Hypervisor

       A hypervisor or virtual machine monitor (VMM) is a piece of computer software, firmware or hardware that creates and runs virtual machines.

        A computer on which a hypervisor is running one or more virtual machines is defined as a host machine. Each virtual machine is called a guest machine. The hypervisor presents the guest operating systems with a virtual operating platform and manages the execution of the guest operating systems. Multiple instances of a variety of operating systems may share the virtualized hardware resources.

Classification

       In their 1974 article "Formal Requirements for Virtualizable Third Generation Architectures" Gerald J. Popek and Robert P. Goldberg classified two types of hypervisor:

Type-1, native or bare-metal hypervisors

       These hypervisors run directly on the host's hardware to control the hardware and to manage guest operating systems. For this reason, they are sometimes called bare metal hypervisors. A guest operating system runs as a process on the host. The first hypervisors, which IBM developed in the 1960s, were native hypervisors. These included the test software SIMMON and the CP/CMS operating system (the predecessor of IBM's z/VM). Modern equivalents include Oracle VM Server for SPARC, Oracle VM Server for x86, the Citrix XenServer, VMware ESX/ESXi and Microsoft Hyper-V 2008/2012.

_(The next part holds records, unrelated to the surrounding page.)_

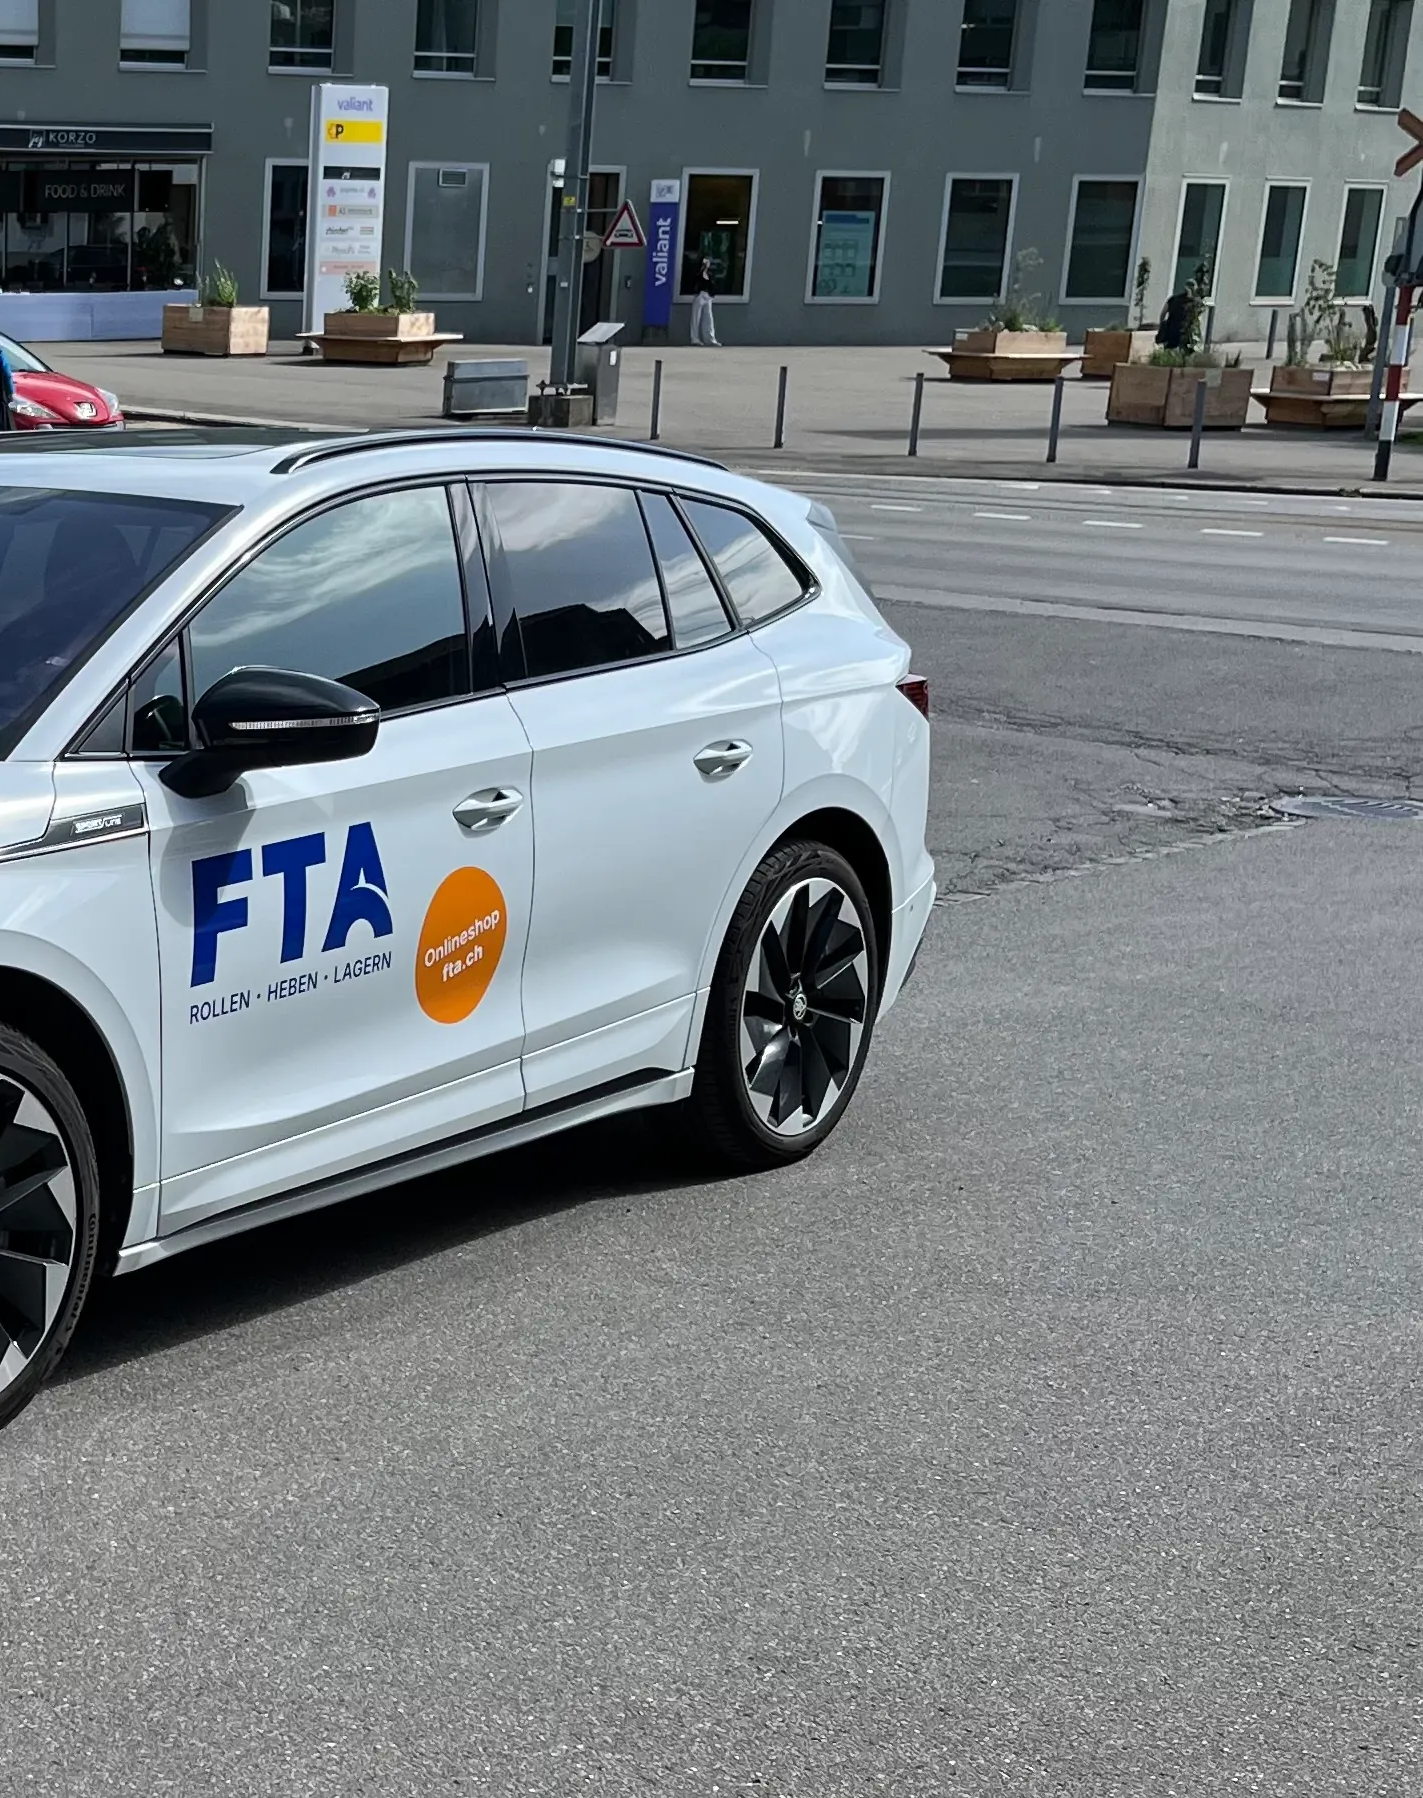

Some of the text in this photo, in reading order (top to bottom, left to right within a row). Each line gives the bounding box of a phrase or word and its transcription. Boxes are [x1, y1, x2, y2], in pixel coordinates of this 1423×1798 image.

[337, 97, 373, 112] valiant
[48, 131, 97, 145] KORZO
[44, 184, 77, 199] FOOD
[90, 183, 126, 199] DRINK
[652, 217, 672, 287] valiant
[189, 821, 394, 989] FTA
[424, 908, 501, 968] Onlineshop
[189, 951, 392, 1025] ROLLEN HEBEN LAGERN
[441, 944, 484, 983] fta.ch

Type-2 or hosted hypervisors

      These hypervisors run on a conventional operating system just as other computer programs do. Type-2 hypervisors abstract guest operating systems from the host operating system. VMware Workstation, VMware Player, VirtualBox and QEMU are examples of type-2 hypervisors.

     However, the distinction between these two types is not necessarily clear. Linux's Kernel-based Virtual Machine (KVM) and FreeBSD's bhyve are kernel modules that effectively convert the host operating system to a type-1 hypervisor.Nevertheless, since Linux distributions and FreeBSD are still general-purpose operating systems, with other applications competing for VM resources, KVM and bhyve can also be categorized as type-2 hypervisors.

      Microsoft's Hyper-V is often run on top of Windows Server full installation. This would make it type-2 in this scenario.

    In 2012, a US software development company called LynuxWorks proposed a type-0 (zero) hypervisor one with no kernel or operating system whatsoeverwhich might not be entirely possible.